→ HOW TO COMPLETE THIS TASK
Give the listing back in full, exactly as written, with the pictures removed.

→ DATA FOR THIS TASK
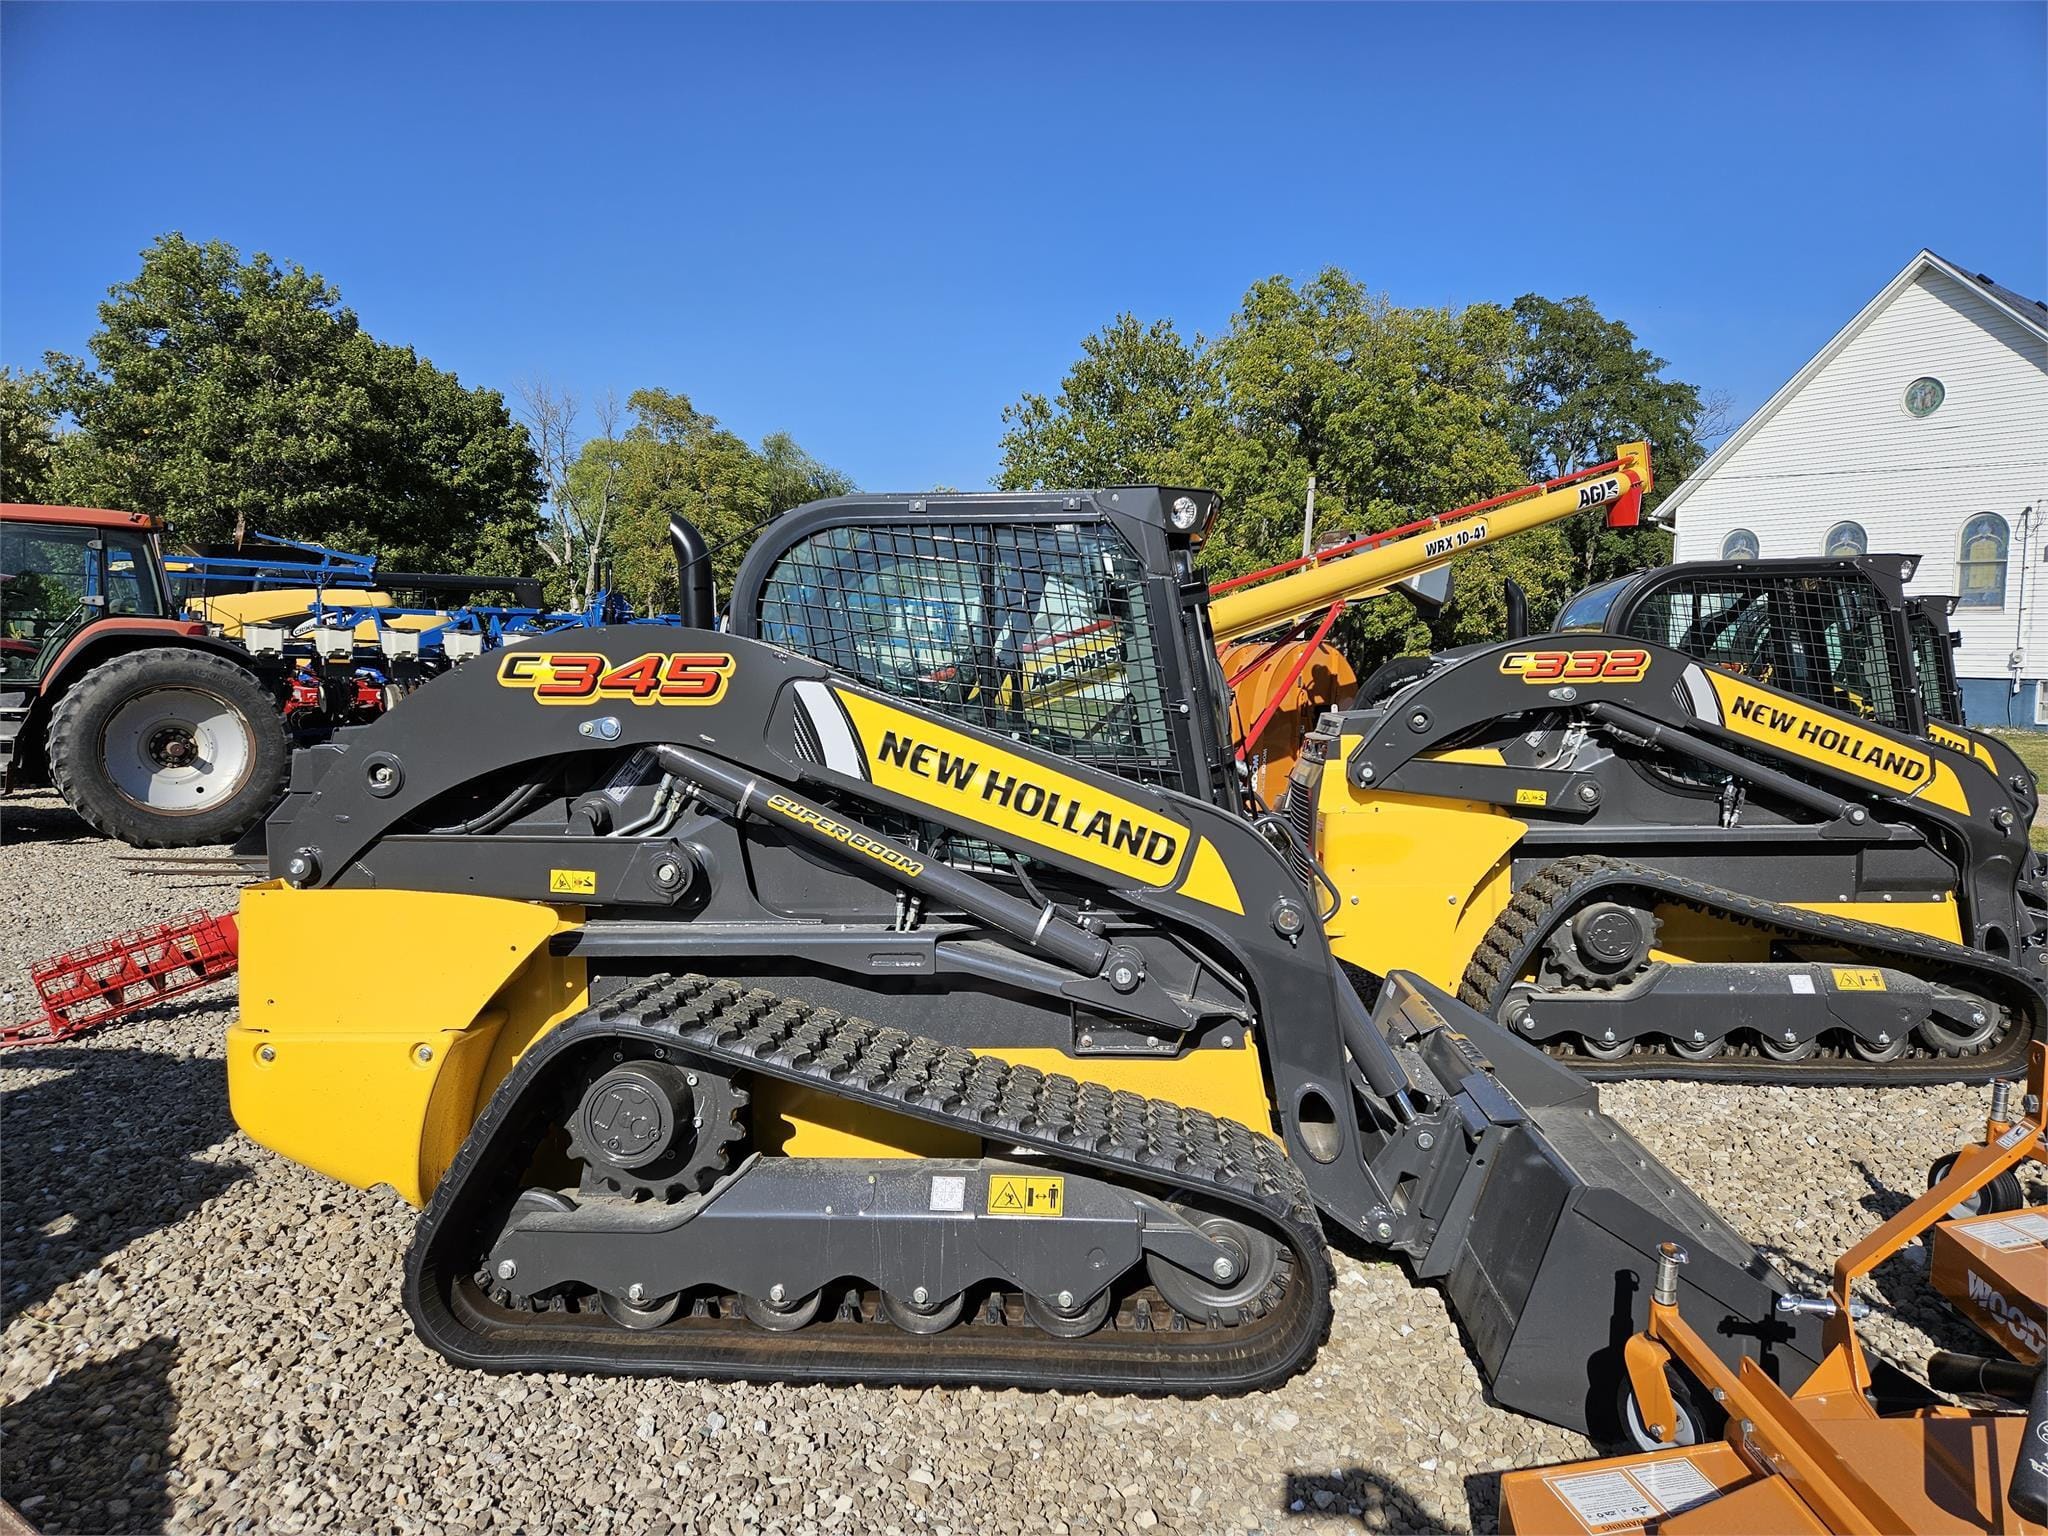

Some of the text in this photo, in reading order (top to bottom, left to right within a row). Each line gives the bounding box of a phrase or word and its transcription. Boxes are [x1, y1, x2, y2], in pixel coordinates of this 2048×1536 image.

[1578, 483, 1606, 508] AGI
[1425, 525, 1487, 557] WRX 10-41
[500, 654, 733, 702] C345
[1501, 651, 1649, 681] C332
[1731, 696, 1925, 781] NEW HOLLAND
[878, 730, 979, 791] NEW
[981, 769, 1177, 866] HOLLAND
[769, 795, 922, 875] SUPER BOOM

→ PROBLEM SOLUTION
Some of the text in this photo, in reading order (top to bottom, left to right within a row). Each line gives the bounding box of a phrase or word and its transcription. Boxes are [x1, y1, x2, y2], in pixel coordinates of this 2048×1536 image.

[1578, 483, 1606, 508] AGI
[1425, 525, 1487, 557] WRX 10-41
[500, 654, 733, 702] C345
[1501, 651, 1649, 681] C332
[1731, 696, 1925, 781] NEW HOLLAND
[878, 730, 979, 791] NEW
[981, 769, 1177, 866] HOLLAND
[769, 795, 922, 875] SUPER BOOM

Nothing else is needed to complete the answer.